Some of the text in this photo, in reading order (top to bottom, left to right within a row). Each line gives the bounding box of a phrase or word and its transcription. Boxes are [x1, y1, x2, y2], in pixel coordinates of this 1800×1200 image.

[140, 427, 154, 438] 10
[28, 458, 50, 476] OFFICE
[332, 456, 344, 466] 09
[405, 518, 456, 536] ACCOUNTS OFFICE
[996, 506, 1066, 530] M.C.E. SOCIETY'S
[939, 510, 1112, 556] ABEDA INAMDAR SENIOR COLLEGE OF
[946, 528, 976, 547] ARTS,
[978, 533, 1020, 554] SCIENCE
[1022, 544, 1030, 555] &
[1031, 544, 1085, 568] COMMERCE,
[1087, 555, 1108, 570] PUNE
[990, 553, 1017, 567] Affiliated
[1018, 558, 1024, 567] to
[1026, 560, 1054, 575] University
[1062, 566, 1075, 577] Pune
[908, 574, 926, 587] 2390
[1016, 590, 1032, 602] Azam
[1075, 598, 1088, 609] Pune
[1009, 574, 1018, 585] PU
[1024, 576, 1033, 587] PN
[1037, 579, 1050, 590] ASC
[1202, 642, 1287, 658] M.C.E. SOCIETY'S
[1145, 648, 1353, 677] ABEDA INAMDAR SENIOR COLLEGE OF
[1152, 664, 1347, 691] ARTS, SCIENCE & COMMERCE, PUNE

* * * * *

■ **What is required**
The answer must reproduce every record exactly.

■ **Written response**
Some of the text in this photo, in reading order (top to bottom, left to right within a row). Each line gives the bounding box of a phrase or word and its transcription. Boxes are [x1, y1, x2, y2], in pixel coordinates of this 1800×1200 image.

[140, 427, 154, 438] 10
[28, 458, 50, 476] OFFICE
[332, 456, 344, 466] 09
[405, 518, 456, 536] ACCOUNTS OFFICE
[996, 506, 1066, 530] M.C.E. SOCIETY'S
[939, 510, 1112, 556] ABEDA INAMDAR SENIOR COLLEGE OF
[946, 528, 976, 547] ARTS,
[978, 533, 1020, 554] SCIENCE
[1022, 544, 1030, 555] &
[1031, 544, 1085, 568] COMMERCE,
[1087, 555, 1108, 570] PUNE
[990, 553, 1017, 567] Affiliated
[1018, 558, 1024, 567] to
[1026, 560, 1054, 575] University
[1062, 566, 1075, 577] Pune
[908, 574, 926, 587] 2390
[1016, 590, 1032, 602] Azam
[1075, 598, 1088, 609] Pune
[1009, 574, 1018, 585] PU
[1024, 576, 1033, 587] PN
[1037, 579, 1050, 590] ASC
[1202, 642, 1287, 658] M.C.E. SOCIETY'S
[1145, 648, 1353, 677] ABEDA INAMDAR SENIOR COLLEGE OF
[1152, 664, 1347, 691] ARTS, SCIENCE & COMMERCE, PUNE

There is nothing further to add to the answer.